◆ Work task ◆
Locate the line with "Some of the words" in the material. Copy that line and each one after it, through the last, exactly and with nothing else.

◆ Records supplied ◆
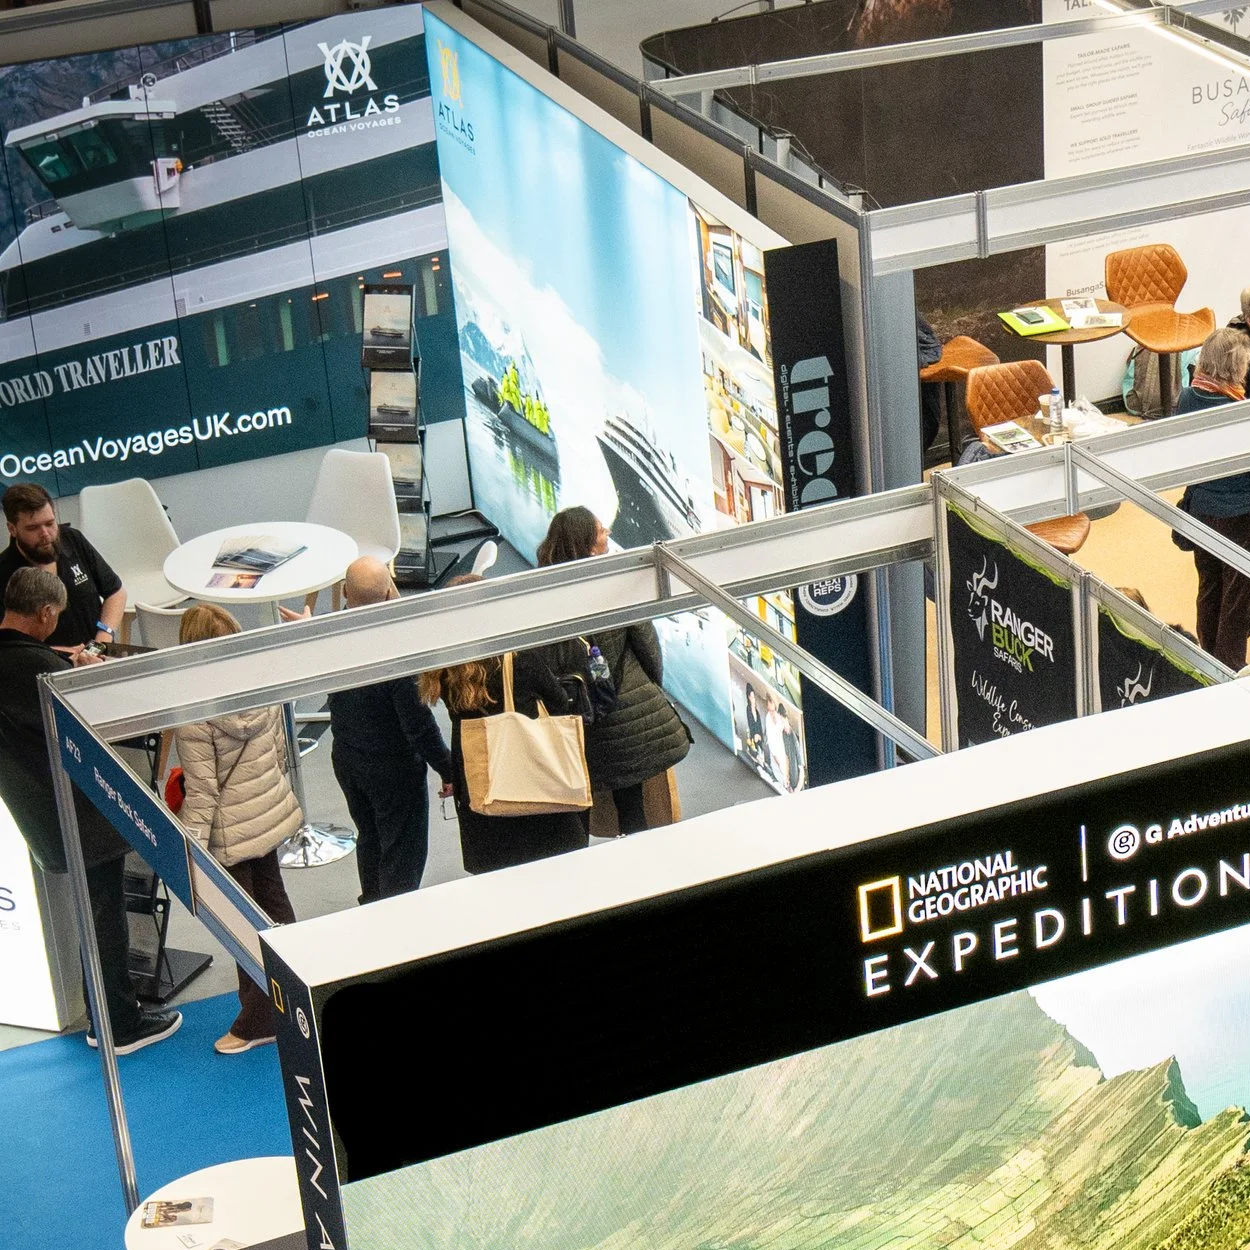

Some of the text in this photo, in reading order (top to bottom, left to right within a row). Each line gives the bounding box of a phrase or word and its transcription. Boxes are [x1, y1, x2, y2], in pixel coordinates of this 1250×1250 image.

[307, 94, 400, 126] ATLAS
[307, 117, 401, 138] OCEAN VOYAGES
[438, 103, 475, 142] ATLAS
[54, 335, 182, 393] TRAVELLER
[0, 406, 292, 477] OceanVoyagesUK.com
[814, 584, 842, 597] REPS
[991, 599, 1055, 663] RANGER
[992, 622, 1034, 673] BUCK
[993, 646, 1023, 673] SAFARIS
[971, 670, 1007, 712] Wildlife
[93, 766, 117, 801] Ranger
[117, 792, 134, 822] Buck
[134, 811, 158, 847] Safaris
[1145, 825, 1162, 844] G
[907, 850, 1019, 900] NATIONAL
[907, 865, 1049, 924] GEOGRAPHIC
[294, 1075, 329, 1200] WIN
[314, 1211, 336, 1250] A
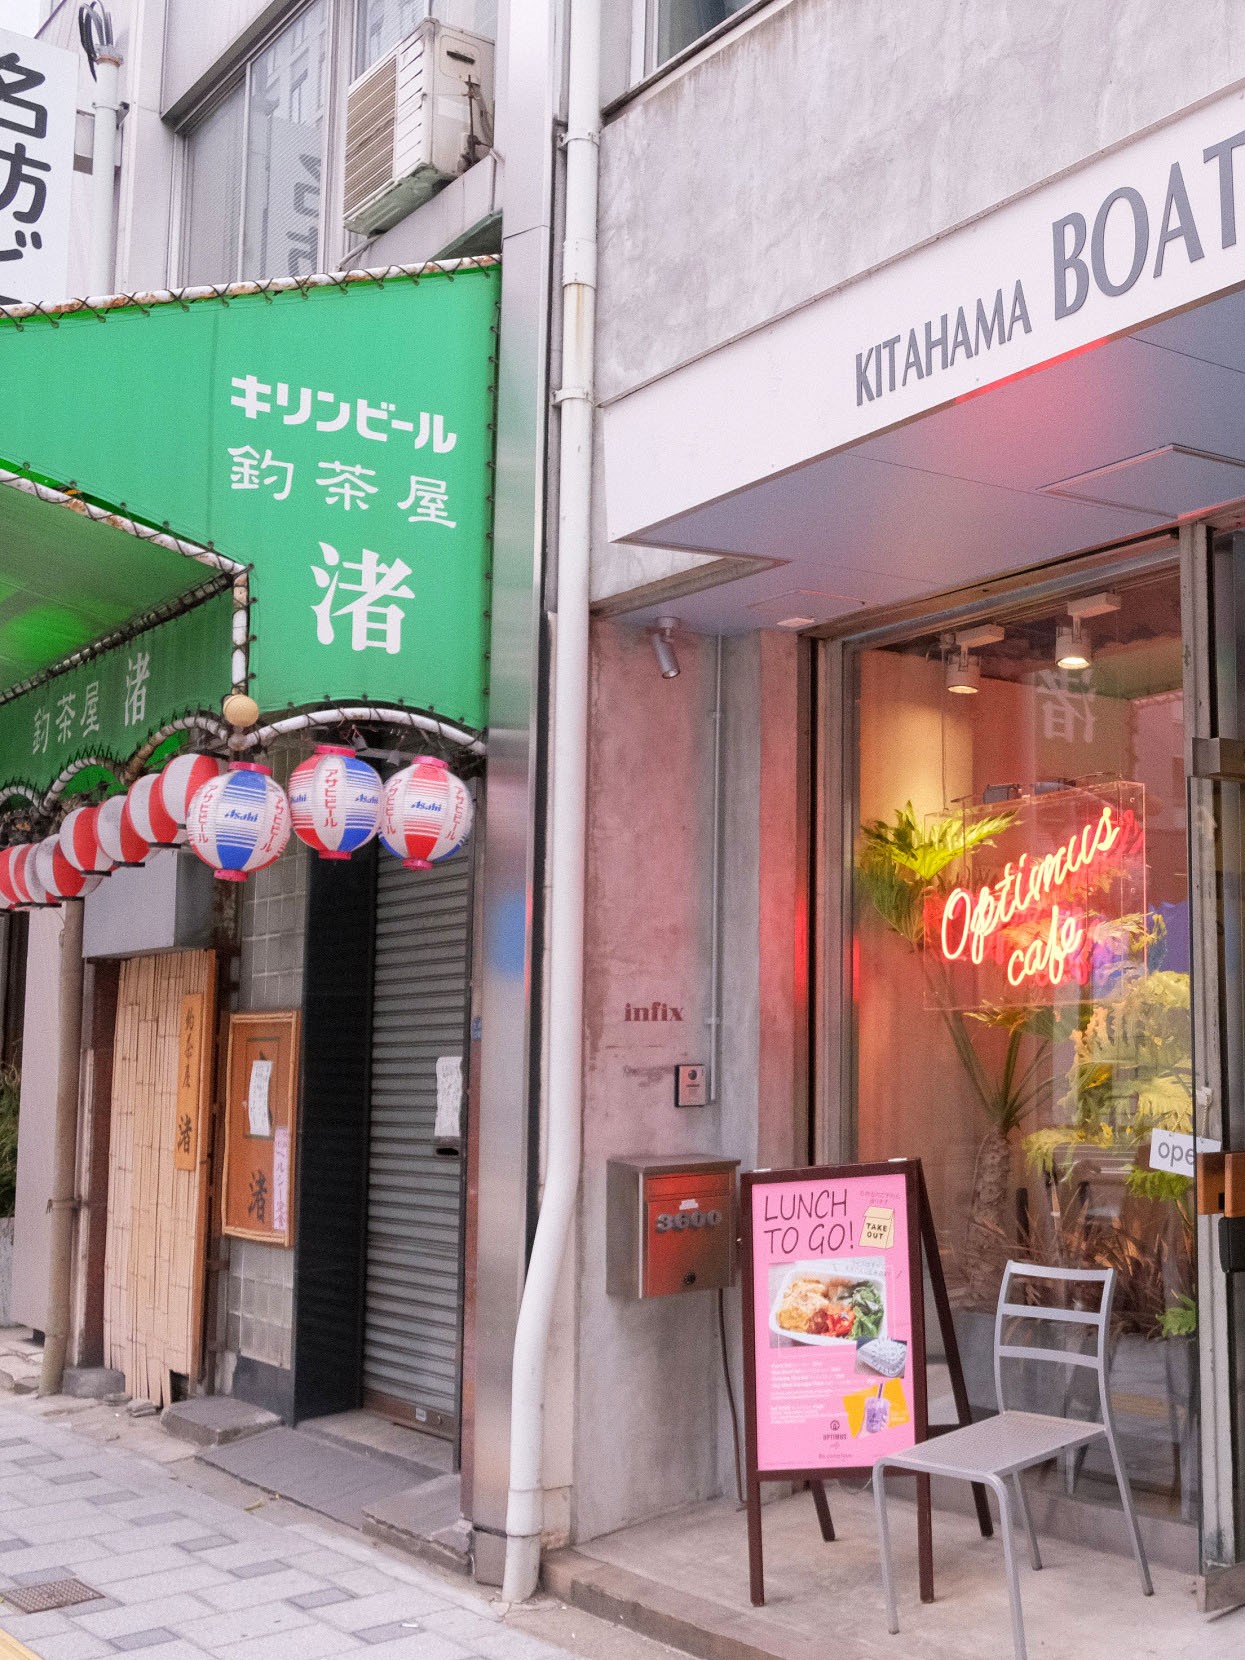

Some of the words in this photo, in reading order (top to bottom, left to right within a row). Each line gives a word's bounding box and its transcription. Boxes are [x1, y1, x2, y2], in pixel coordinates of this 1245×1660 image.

[856, 279, 1032, 406] KITAHAMA
[230, 374, 457, 453] キリンビール
[310, 541, 416, 655] 渚
[32, 682, 100, 755] 釣茶屋
[124, 651, 151, 727] 渚
[324, 769, 339, 827] アサヒビール
[355, 794, 379, 804] Asahi
[411, 801, 442, 812] Asahi
[224, 809, 258, 822] Asahi
[1007, 905, 1083, 987] cafe
[624, 1002, 684, 1021] infix
[764, 1189, 848, 1222] LUNCH
[764, 1226, 799, 1254] TO
[808, 1220, 854, 1254] GO!
[866, 1222, 888, 1232] TAKE
[867, 1231, 884, 1240] OUT
[823, 1433, 847, 1441] OPTIMUS

◆ Task output ◆
Some of the words in this photo, in reading order (top to bottom, left to right within a row). Each line gives a word's bounding box and its transcription. Boxes are [x1, y1, x2, y2], in pixel coordinates of this 1245×1660 image.

[856, 279, 1032, 406] KITAHAMA
[230, 374, 457, 453] キリンビール
[310, 541, 416, 655] 渚
[32, 682, 100, 755] 釣茶屋
[124, 651, 151, 727] 渚
[324, 769, 339, 827] アサヒビール
[355, 794, 379, 804] Asahi
[411, 801, 442, 812] Asahi
[224, 809, 258, 822] Asahi
[1007, 905, 1083, 987] cafe
[624, 1002, 684, 1021] infix
[764, 1189, 848, 1222] LUNCH
[764, 1226, 799, 1254] TO
[808, 1220, 854, 1254] GO!
[866, 1222, 888, 1232] TAKE
[867, 1231, 884, 1240] OUT
[823, 1433, 847, 1441] OPTIMUS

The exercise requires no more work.